Ce délai de sept jours avant l'intervention est dénoncé par la corporation des thanatologues du Québec.

«Écoutez, au Québec, on est tous émus de voir des veaux maltraités. Le MAPAQ est intervenu, la SPCA, la SQ a débarqué. Là, on a des personnes qui sont mortes et pendant sept jours, personne ne s'en préoccupe. C'est intolérable!», a commenté Nathalie Samson, directrice générale de la corporation des thanatologues du Québec.

La maison Magnus Poirier a finalement repris les neuf corps et a exaucé les dernières volontés des défunts.

L'OPC tente de retracer les autres clients du salon qui auraient pris des arrangements préfunéraires et en a contacté une soixantaine jusqu'à maintenant.

Patrick Fortin n'en est pas à ses premières frasques.
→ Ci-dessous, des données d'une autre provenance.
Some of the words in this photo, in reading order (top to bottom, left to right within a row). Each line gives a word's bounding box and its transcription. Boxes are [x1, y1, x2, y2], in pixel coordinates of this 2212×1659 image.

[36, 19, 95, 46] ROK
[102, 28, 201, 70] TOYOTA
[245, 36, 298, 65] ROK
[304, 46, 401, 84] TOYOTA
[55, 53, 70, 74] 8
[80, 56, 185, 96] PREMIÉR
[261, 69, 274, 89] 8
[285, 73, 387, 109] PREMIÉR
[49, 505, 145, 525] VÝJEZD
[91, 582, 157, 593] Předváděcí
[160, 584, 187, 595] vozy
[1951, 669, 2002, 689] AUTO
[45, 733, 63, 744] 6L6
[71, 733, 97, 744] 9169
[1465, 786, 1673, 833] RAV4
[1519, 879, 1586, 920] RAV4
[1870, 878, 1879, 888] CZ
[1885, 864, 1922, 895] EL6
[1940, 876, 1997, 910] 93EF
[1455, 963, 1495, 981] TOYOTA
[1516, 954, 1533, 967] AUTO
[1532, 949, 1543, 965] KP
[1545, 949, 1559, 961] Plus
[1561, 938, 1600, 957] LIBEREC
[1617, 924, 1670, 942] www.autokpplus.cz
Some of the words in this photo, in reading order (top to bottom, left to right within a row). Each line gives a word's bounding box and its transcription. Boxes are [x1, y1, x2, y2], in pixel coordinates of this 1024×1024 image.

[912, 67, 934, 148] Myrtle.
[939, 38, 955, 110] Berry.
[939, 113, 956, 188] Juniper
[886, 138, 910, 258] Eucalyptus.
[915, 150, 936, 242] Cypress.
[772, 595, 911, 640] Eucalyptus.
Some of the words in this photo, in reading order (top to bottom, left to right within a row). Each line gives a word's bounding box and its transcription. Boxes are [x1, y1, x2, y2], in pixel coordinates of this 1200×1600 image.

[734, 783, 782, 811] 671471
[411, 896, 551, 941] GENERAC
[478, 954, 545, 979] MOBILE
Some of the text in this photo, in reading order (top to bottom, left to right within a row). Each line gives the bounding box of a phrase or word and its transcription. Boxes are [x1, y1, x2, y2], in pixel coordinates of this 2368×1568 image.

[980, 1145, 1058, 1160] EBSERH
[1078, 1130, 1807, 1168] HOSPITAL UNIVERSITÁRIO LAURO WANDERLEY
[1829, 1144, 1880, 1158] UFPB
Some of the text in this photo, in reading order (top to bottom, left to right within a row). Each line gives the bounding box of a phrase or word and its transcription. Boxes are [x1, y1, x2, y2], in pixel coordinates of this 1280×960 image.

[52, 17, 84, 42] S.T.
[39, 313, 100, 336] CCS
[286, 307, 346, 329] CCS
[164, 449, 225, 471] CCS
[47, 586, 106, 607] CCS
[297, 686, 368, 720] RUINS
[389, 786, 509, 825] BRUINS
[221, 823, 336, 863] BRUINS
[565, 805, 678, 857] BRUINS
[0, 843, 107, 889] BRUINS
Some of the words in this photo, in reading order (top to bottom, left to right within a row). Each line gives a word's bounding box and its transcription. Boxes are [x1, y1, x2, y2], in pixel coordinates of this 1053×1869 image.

Il a été condamné depuis 2006 à 280 000 $ d'amendes parce qu'il avait omis de verser dans un compte en fidéicommis l'argent que lui avait remis ses clients pour des arrangements préfunéraires.

Néanmoins, puisqu'il est thanatologue, il peut toujours travailler pour sa femme, qui a un permis et qui a aussi été condamnée pour les mêmes infractions à la loi.